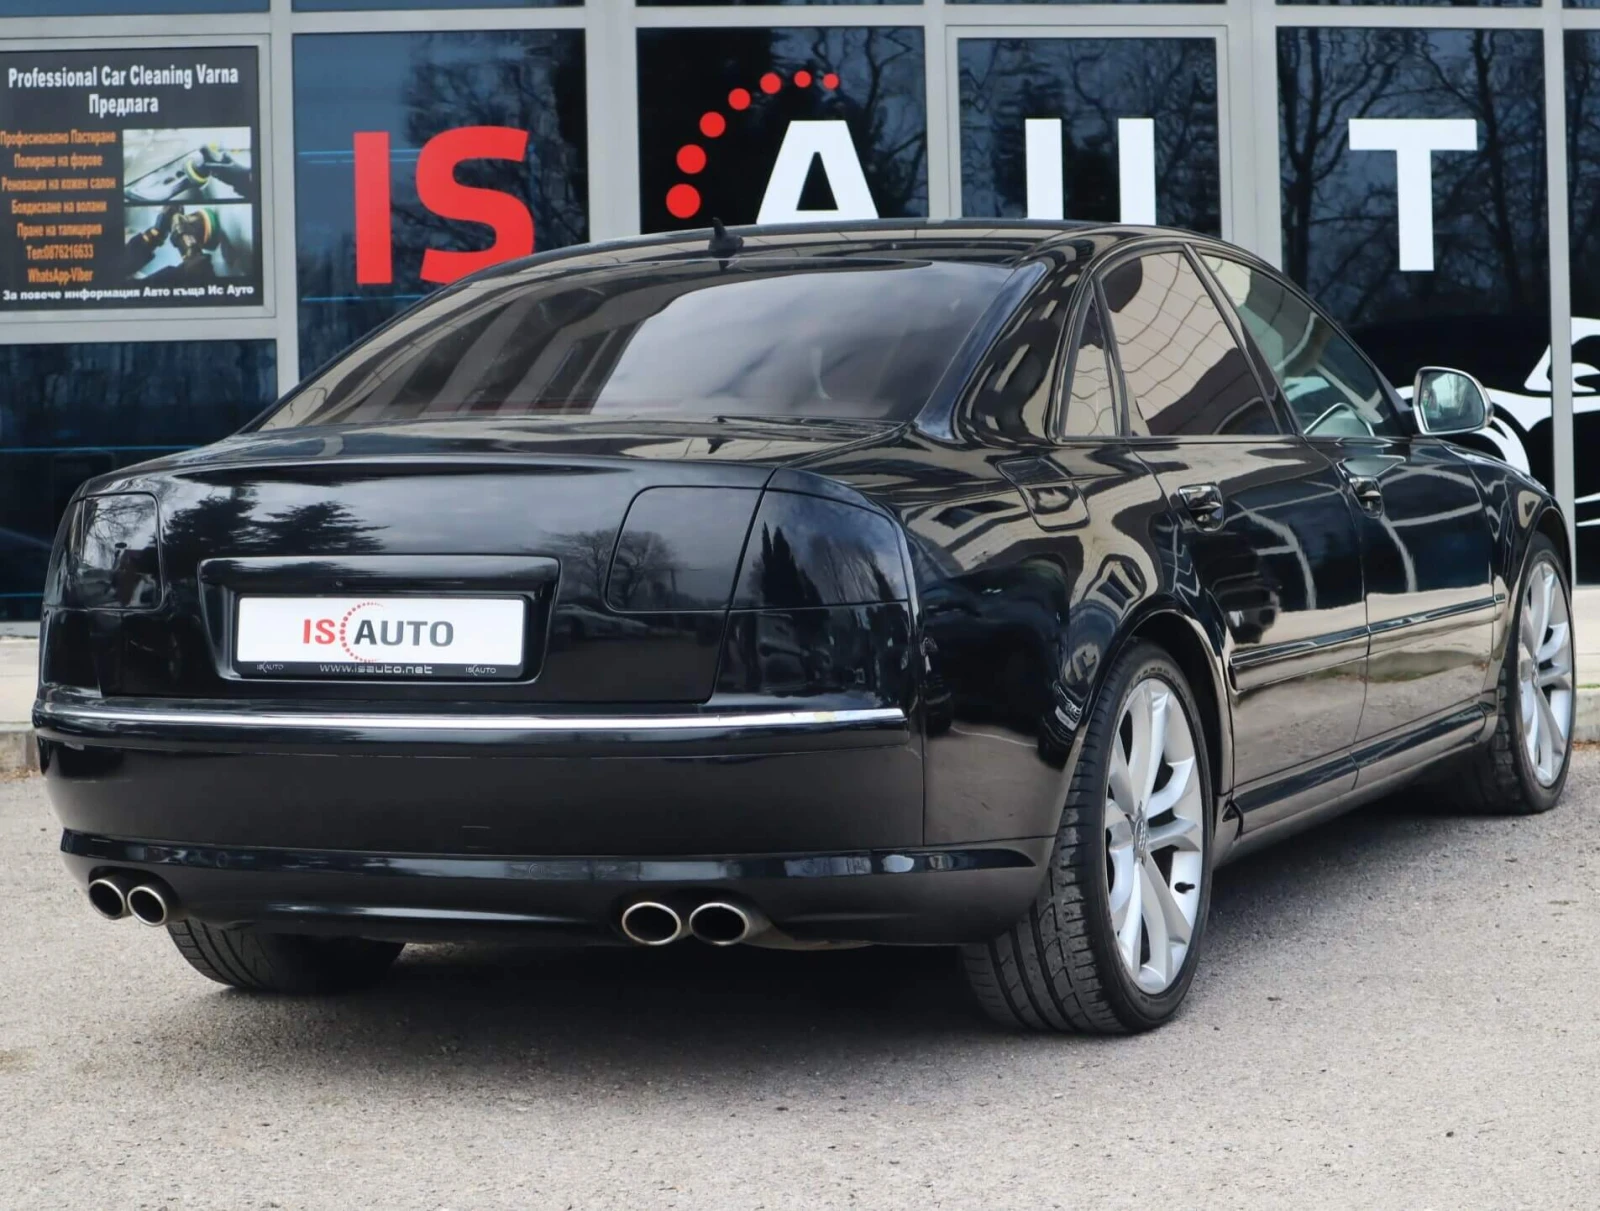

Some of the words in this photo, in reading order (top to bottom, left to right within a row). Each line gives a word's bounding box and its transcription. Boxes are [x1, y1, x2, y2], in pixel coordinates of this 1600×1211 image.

[8, 67, 98, 88] Professional
[101, 66, 126, 86] Car
[130, 65, 193, 89] Cleaning
[196, 64, 239, 84] Varna
[89, 94, 159, 118] Предлага
[353, 125, 535, 285] IS
[3, 290, 17, 300] За
[20, 289, 61, 300] повече
[64, 288, 140, 300] информация
[143, 287, 170, 297] Авто
[172, 286, 205, 297] къща
[208, 285, 224, 295] Ис
[226, 284, 254, 295] Ауто
[303, 619, 336, 644] IS
[353, 619, 454, 647] AUTO
[319, 663, 433, 675] www.isauto.net
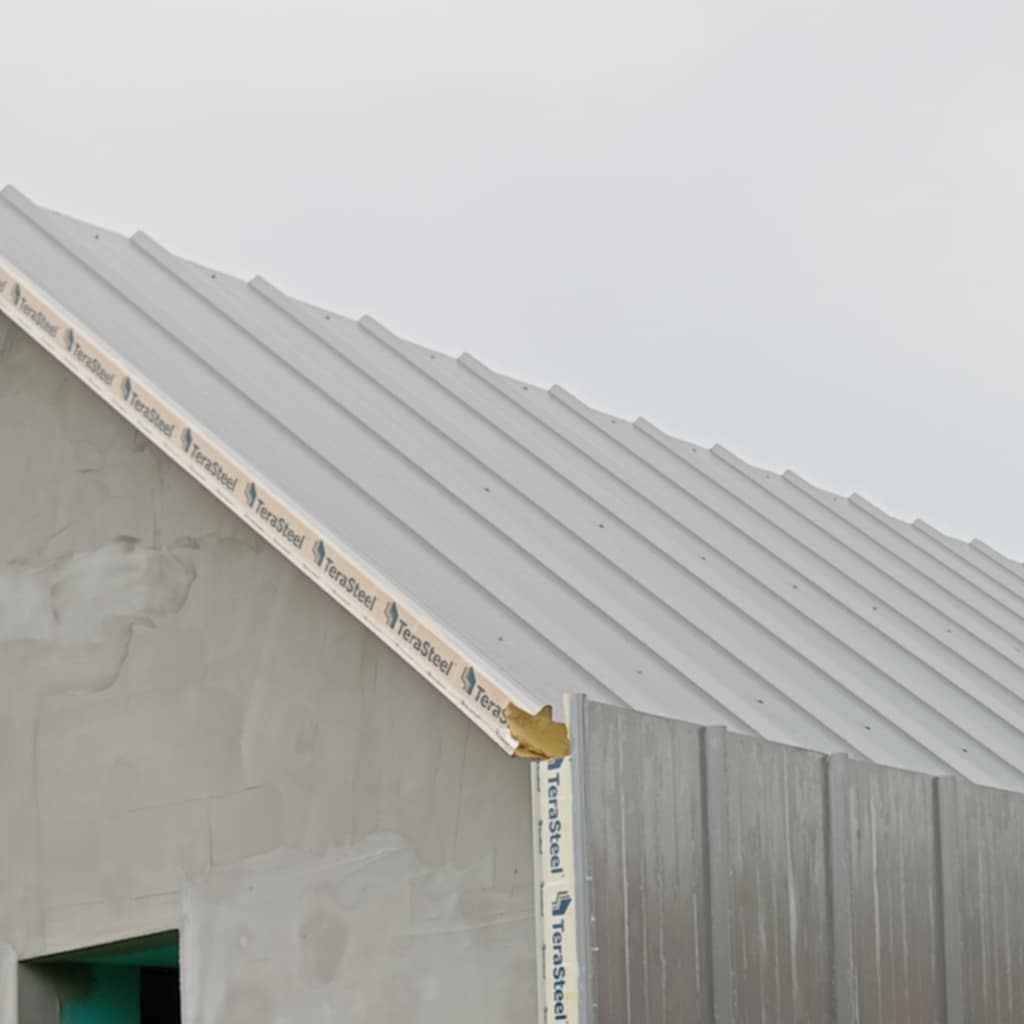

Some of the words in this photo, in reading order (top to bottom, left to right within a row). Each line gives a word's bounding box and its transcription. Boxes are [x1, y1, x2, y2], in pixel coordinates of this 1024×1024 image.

» Task directions
Repeat the listing verbatim, pictures excluded.

» Response area
Some of the words in this photo, in reading order (top to bottom, left to right within a row). Each line gives a word's bounding box and its transcription. Boxes are [x1, y1, x2, y2], in pixel coordinates of this 1600×1211 image.

[8, 67, 98, 88] Professional
[101, 66, 126, 86] Car
[130, 65, 193, 89] Cleaning
[196, 64, 239, 84] Varna
[89, 94, 159, 118] Предлага
[353, 125, 535, 285] IS
[3, 290, 17, 300] За
[20, 289, 61, 300] повече
[64, 288, 140, 300] информация
[143, 287, 170, 297] Авто
[172, 286, 205, 297] къща
[208, 285, 224, 295] Ис
[226, 284, 254, 295] Ауто
[303, 619, 336, 644] IS
[353, 619, 454, 647] AUTO
[319, 663, 433, 675] www.isauto.net

Some of the words in this photo, in reading order (top to bottom, left to right within a row). Each line gives a word's bounding box and its transcription. Boxes are [x1, y1, x2, y2], in pixel coordinates of this 1024×1024 image.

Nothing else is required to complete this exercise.